Recuso-me a pensar que a grande maioria das pessoas que votou em Jair Bolsonaro sejam pessoas ruins; Recuso-me a pensar que 55% dos brasileiros sejam protofascistas. Não, definitivamente não podemos generalizar (toda generalização é burra, lembremo-nos disso). Há diversos eleitores de Bolsonaro que não compactuam com seus discursos de ódio e preconceito (inclusive, penso que os que compactuam são a minoria dentro do grande círculo bolsonarista), muitos estavam apenas, querendo mais empregos, uma melhor situação para poder empreender ou simplesmente tirar o PT do poder. Entretanto, o ponto que liga desde o eleitor mais extremista de Bolsonaro até seu eleitor mais “brando” é a abdicação do pensar, sobre o qual, tratou com grande maestria, a filósofa alemã Hannah Arendt, no século XX. No seu famoso livro “Eichmann em Jerusalém”, publicado em 1963, Hannah Arendt analisa e comenta o julgamento de Adolf Eichmann, um indivíduo aparentemente comum, que, no entanto, havia sido um dos principais organizadores do holocausto. Quando era indagado sobre o porquê tinha feito todos aqueles horrores, ele respondia que estava apenas cumprindo ordens e obedecendo a um juramento que prestou. A filósofa constata então, que Eichmann era de fato um sujeito cotidiano, que realmente só estava a obedecer a ordens, a questão é que nesse ínterim de obediência, Eichmann abdicou daquilo que mais nos caracteriza como humanos: nossa capacidade de pensamento; nossa capacidade de formular juízos de bem e de mal. Quando isso acontece, o humano é capaz de compactuar com coisas terríveis (ainda que indiretamente) como sistemas totalitários. O mesmo ocorre agora no Brasil: ao abdicarem de sua capacidade de pensamento, de análise, e sobretudo, de empatia, muitos estão compactuando com um sistema autoritário, que ameaça o estado democrático de direito, o meio ambiente e as minorias, sejam elas quais forem.

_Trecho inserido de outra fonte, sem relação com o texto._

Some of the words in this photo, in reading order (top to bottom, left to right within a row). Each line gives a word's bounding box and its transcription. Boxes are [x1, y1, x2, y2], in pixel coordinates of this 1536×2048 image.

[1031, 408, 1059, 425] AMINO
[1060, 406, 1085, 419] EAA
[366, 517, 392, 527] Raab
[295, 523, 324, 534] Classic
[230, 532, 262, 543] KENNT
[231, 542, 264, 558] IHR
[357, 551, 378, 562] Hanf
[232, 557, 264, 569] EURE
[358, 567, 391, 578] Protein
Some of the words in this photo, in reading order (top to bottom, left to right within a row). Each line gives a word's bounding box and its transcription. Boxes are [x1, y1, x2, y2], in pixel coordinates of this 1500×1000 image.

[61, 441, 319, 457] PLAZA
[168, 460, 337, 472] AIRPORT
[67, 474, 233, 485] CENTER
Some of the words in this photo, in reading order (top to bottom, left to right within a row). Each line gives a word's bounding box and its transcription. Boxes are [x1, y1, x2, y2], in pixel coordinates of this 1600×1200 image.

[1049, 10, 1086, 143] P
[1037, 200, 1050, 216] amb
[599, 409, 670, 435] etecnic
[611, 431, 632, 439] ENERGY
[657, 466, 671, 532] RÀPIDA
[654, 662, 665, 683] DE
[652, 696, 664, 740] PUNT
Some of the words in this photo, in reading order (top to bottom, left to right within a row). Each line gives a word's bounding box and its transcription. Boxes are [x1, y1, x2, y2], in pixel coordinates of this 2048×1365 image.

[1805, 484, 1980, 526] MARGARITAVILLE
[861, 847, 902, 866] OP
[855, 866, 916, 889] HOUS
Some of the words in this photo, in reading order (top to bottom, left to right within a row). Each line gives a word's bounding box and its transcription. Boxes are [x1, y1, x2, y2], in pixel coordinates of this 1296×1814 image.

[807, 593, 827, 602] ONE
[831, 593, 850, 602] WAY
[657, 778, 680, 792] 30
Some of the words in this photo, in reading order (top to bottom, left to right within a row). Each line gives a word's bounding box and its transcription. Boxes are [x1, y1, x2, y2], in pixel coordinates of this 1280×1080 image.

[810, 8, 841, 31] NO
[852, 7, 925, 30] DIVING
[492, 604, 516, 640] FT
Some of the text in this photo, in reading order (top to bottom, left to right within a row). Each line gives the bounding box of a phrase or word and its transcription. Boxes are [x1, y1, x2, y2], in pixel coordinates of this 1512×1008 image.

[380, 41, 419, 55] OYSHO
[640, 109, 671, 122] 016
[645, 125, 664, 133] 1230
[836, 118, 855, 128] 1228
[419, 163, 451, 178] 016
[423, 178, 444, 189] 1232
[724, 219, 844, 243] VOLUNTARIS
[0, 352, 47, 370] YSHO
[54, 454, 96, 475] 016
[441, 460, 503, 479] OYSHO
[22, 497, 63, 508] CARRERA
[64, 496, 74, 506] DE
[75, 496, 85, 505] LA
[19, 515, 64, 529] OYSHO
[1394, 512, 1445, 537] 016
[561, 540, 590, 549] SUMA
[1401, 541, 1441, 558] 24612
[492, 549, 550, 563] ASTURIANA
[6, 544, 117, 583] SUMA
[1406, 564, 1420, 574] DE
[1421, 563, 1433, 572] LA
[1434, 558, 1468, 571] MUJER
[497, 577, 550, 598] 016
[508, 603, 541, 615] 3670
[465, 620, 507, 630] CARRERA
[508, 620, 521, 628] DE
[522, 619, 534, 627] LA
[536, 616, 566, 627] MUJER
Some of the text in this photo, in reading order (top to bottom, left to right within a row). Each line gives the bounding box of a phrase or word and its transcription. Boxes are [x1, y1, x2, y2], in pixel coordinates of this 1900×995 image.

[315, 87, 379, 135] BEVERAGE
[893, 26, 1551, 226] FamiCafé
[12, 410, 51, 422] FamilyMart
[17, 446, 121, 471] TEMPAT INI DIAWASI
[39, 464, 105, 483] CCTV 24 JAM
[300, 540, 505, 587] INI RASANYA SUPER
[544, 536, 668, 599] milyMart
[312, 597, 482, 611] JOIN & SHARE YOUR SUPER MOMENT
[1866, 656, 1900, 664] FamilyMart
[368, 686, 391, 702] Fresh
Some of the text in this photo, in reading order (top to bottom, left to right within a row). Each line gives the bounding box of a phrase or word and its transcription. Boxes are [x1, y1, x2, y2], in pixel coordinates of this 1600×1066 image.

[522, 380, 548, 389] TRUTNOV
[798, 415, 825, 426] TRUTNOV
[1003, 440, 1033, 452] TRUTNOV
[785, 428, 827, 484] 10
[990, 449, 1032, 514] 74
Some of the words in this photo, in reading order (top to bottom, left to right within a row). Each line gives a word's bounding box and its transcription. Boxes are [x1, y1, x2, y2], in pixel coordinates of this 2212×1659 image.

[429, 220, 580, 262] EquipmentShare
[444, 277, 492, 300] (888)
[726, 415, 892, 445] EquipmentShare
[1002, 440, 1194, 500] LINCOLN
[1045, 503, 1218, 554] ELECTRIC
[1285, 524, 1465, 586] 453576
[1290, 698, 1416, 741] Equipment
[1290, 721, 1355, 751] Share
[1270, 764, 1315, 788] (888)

Os motivos agora nos ficam claros, fica fácil traçar um panorama das razões que levaram Bolsonaro ao cargo de presidente da república. A segunda pergunta que devemos fazer é: o que esperar de um governo Bolsonaro? Essa questão flutua no ar e as mais incontáveis respostas acabam por surgir e desaparecer, envoltas ainda numa névoa, que só irá se desfazer mesmo a partir do dia 01 de janeiro de 2019. É difícil dizer ainda com exatidão o que nos espera, já que como foi posto anteriormente no texto, suas propostas são vazias; seus discursos mais ainda, de modo que fica difícil saber o que é mentira e o que é verdade, o que vai ser aplicado e o que não vai. Aqui entra em cena, o dito “esperar pra ver”. Mas, se aqui no texto ficou evidente o ponto central do que levou Bolsonaro ao poder (ausência de pensamento), penso que, se não conseguimos estabelecer o que pode vir a acontecer em 2019 em seu governo, conseguimos pelo menos, traçar um ponto central do que ele vai ser: retrocesso. Como esse retrocesso irá se demonstrar na sociedade e o nível que ele atingirá, só o tempo mesmo pra nos dizer. Até lá, vamos pensar, refletir, ponderar, sopesar (já vimos o efeito que a ausência disso causou no país) afim de já estarmos preparados para a prática e pra resistirmos quatro anos obscuros que nos aguardam. Pensemos… pensemos… esse poder ninguém há de nos tirar.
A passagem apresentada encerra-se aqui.